**ENTRIES SUPPLIED**

—————

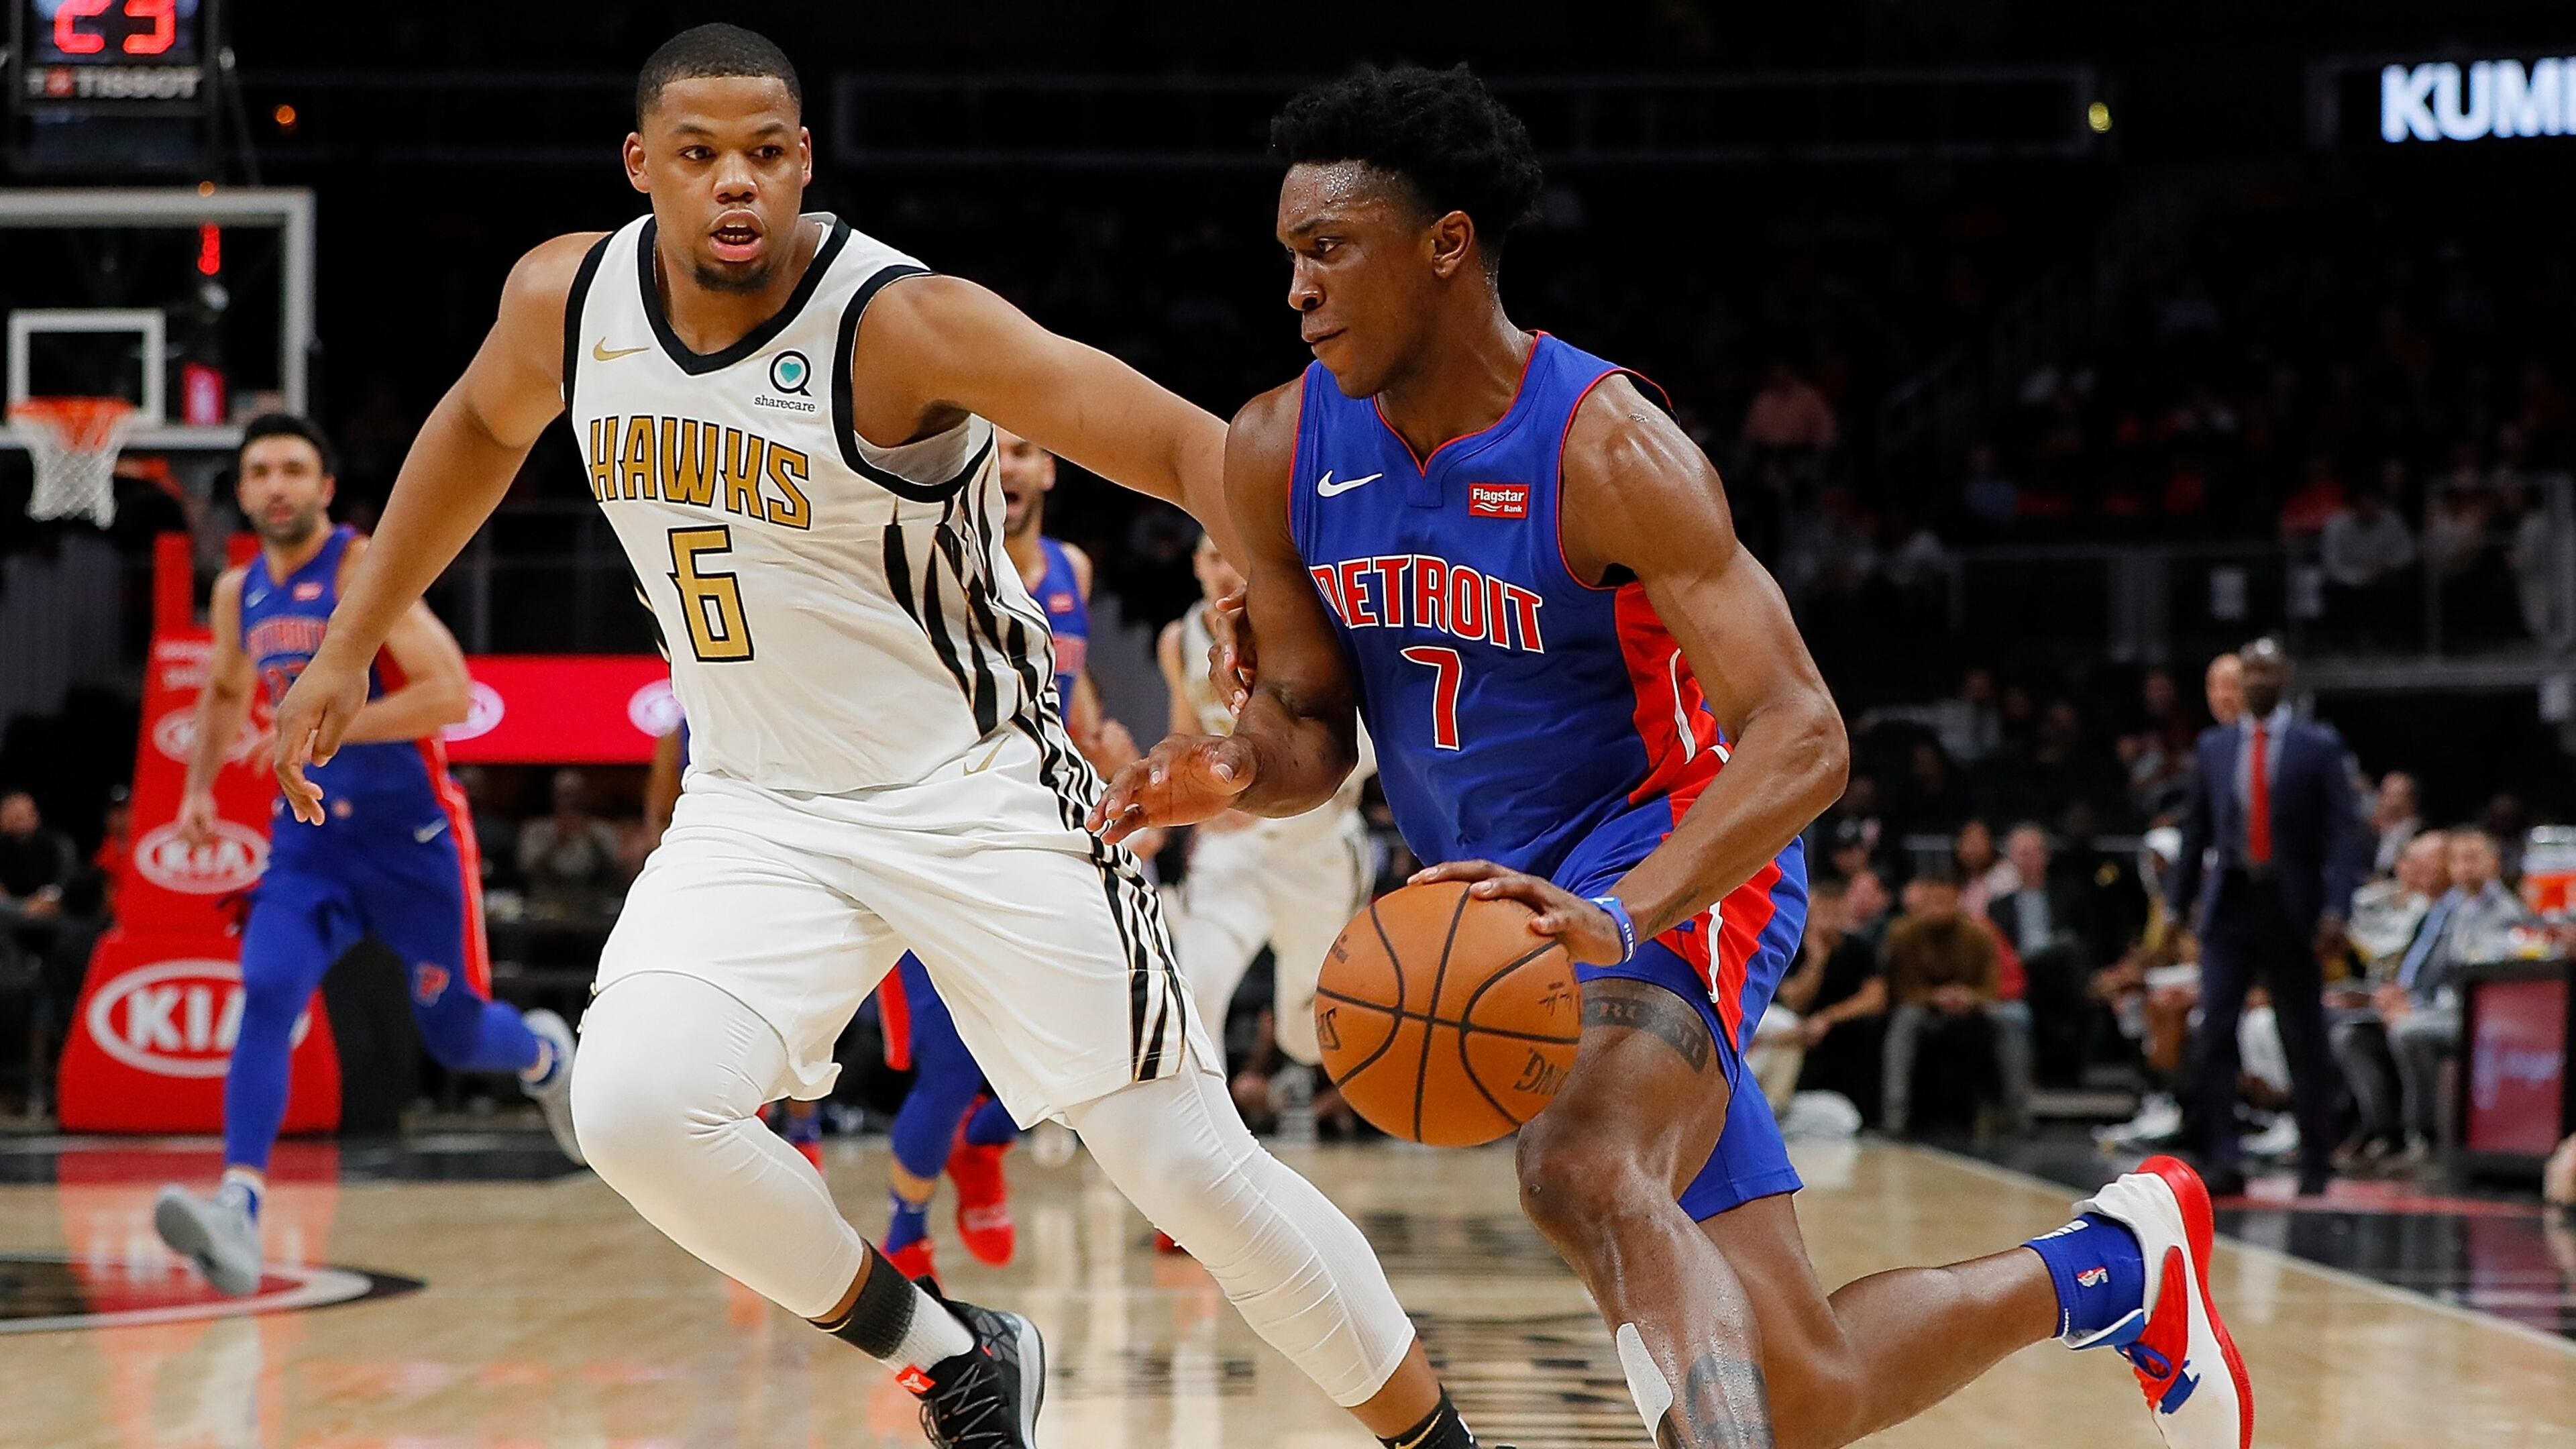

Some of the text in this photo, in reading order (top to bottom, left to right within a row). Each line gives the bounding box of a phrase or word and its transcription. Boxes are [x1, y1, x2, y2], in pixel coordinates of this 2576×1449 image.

[754, 394, 816, 413] sharecare
[589, 415, 810, 531] HAWKS
[1472, 488, 1525, 504] Flagstar
[1504, 504, 1522, 513] Bank
[667, 524, 755, 663] 6
[1309, 554, 1544, 653] DETROIT
[1400, 645, 1462, 751] 7
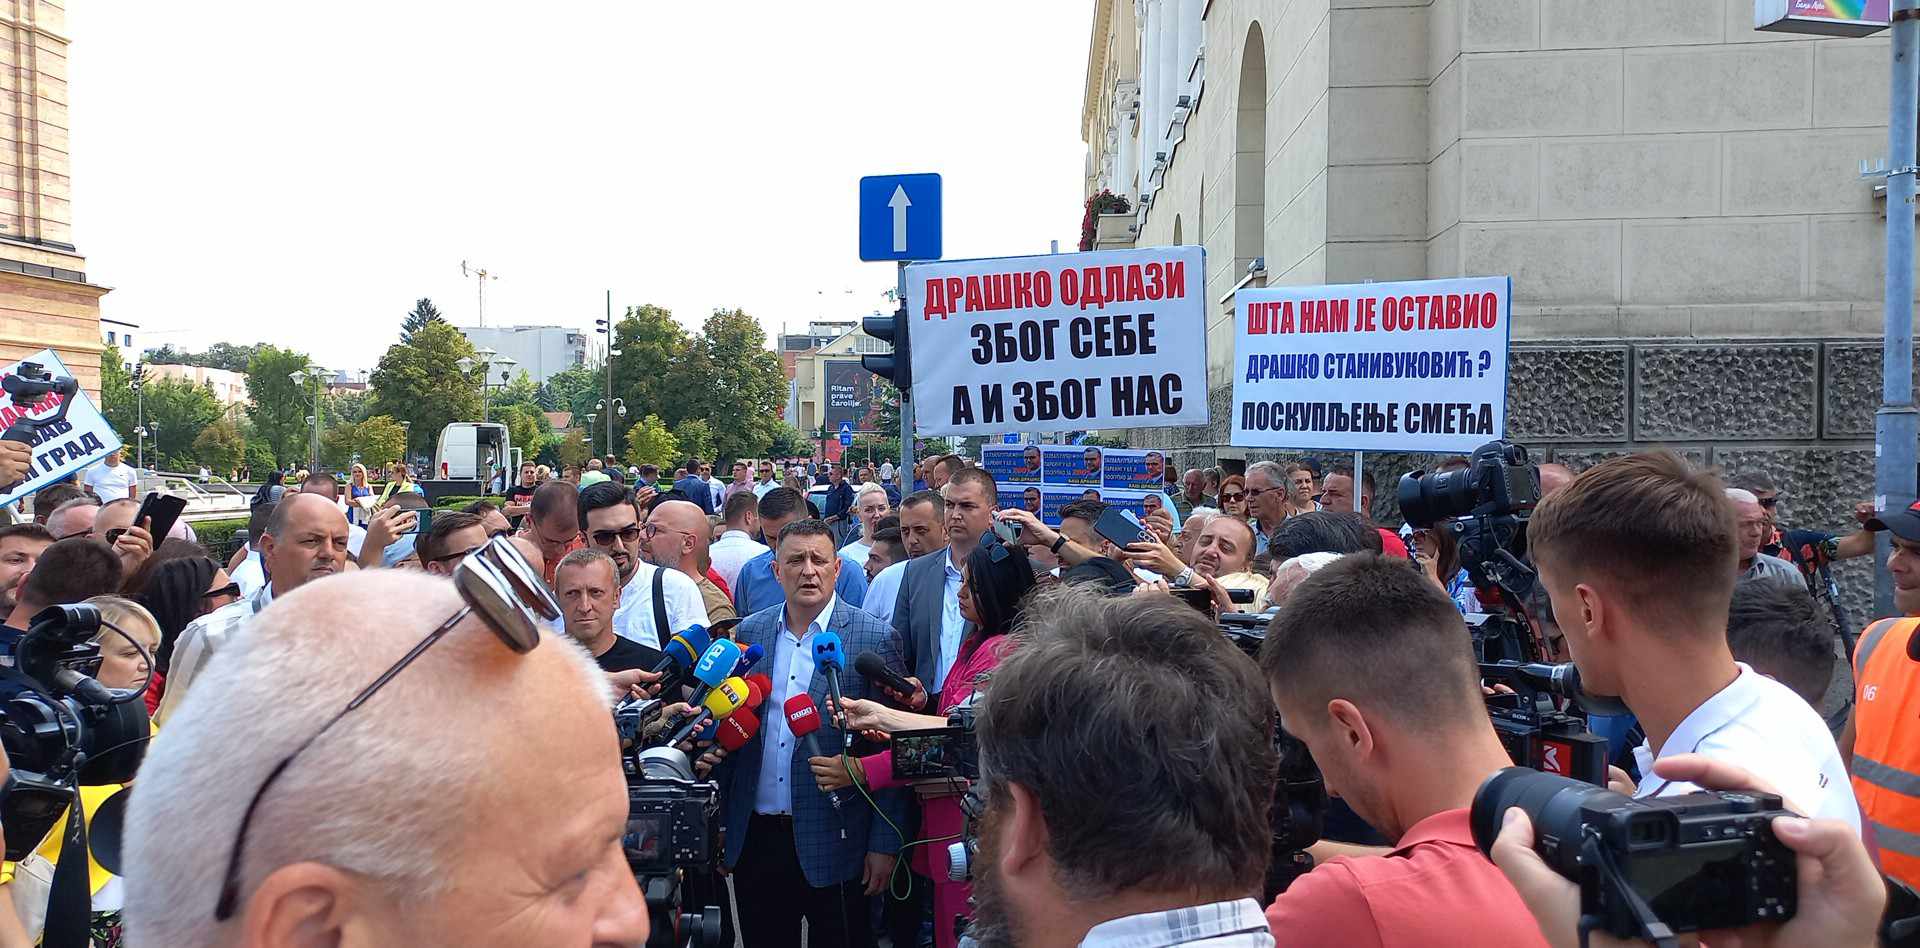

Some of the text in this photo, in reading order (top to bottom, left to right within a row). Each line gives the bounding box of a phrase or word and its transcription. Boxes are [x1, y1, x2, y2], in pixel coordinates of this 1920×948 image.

[924, 262, 1185, 320] ДРАШКО ОДЛАЗИ
[1247, 292, 1498, 334] ШТА НАМ ЈЕ ОСТАВИО
[970, 313, 1157, 365] ЗБОГ СЕБЕ
[1246, 350, 1492, 383] ДРАШКО СТАНИВУКОВИЋ ?
[951, 373, 1183, 425] А И ЗБОГ НАС
[1241, 402, 1494, 434] ПОСКУПЉЕЊЕ СМЕЋА
[36, 432, 105, 473] ГРАД
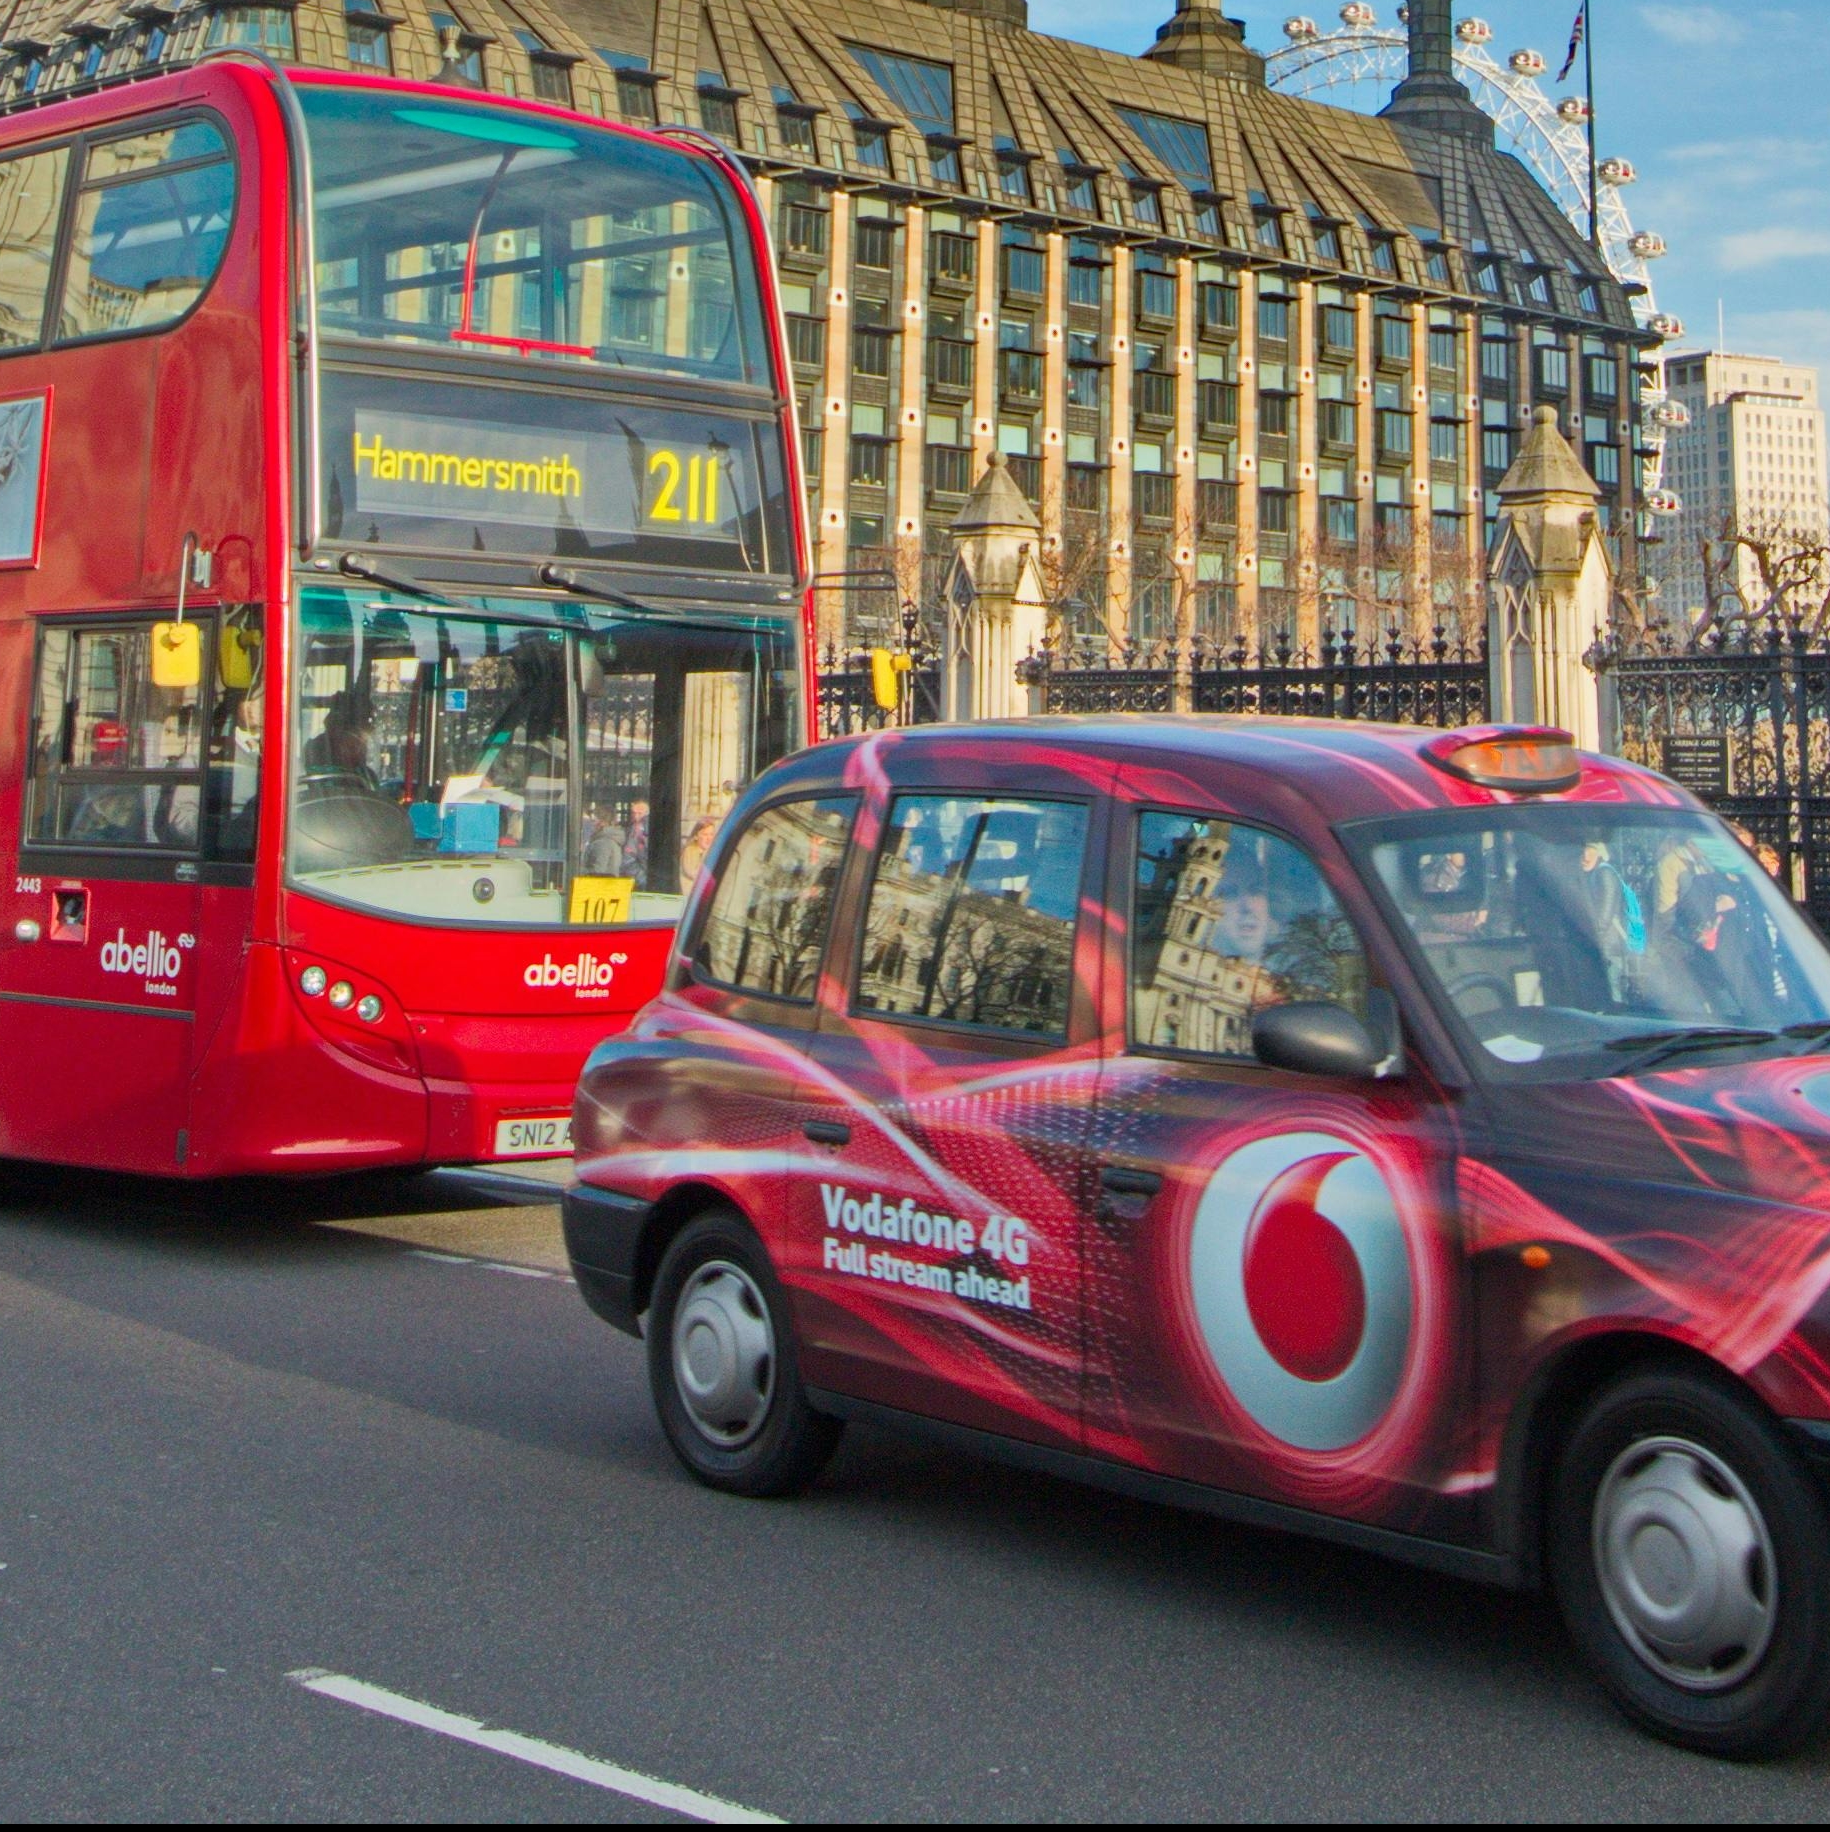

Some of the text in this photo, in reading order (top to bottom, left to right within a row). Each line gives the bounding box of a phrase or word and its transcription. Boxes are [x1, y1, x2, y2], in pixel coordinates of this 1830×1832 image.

—————

**ASSIGNED TASK**
Your task is to reproduce exactly the lines running from the line that contains "this 1920×948 image." to the end of the records, pictures excluded.

**RESPONSE BOX**
Some of the text in this photo, in reading order (top to bottom, left to right within a row). Each line gives the bounding box of a phrase or word and its transcription. Boxes are [x1, y1, x2, y2], in pixel coordinates of this 1920×948 image.

[924, 262, 1185, 320] ДРАШКО ОДЛАЗИ
[1247, 292, 1498, 334] ШТА НАМ ЈЕ ОСТАВИО
[970, 313, 1157, 365] ЗБОГ СЕБЕ
[1246, 350, 1492, 383] ДРАШКО СТАНИВУКОВИЋ ?
[951, 373, 1183, 425] А И ЗБОГ НАС
[1241, 402, 1494, 434] ПОСКУПЉЕЊЕ СМЕЋА
[36, 432, 105, 473] ГРАД

Some of the text in this photo, in reading order (top to bottom, left to right within a row). Each line gives the bounding box of a phrase or word and its transcription. Boxes are [x1, y1, x2, y2], in pixel coordinates of this 1830×1832 image.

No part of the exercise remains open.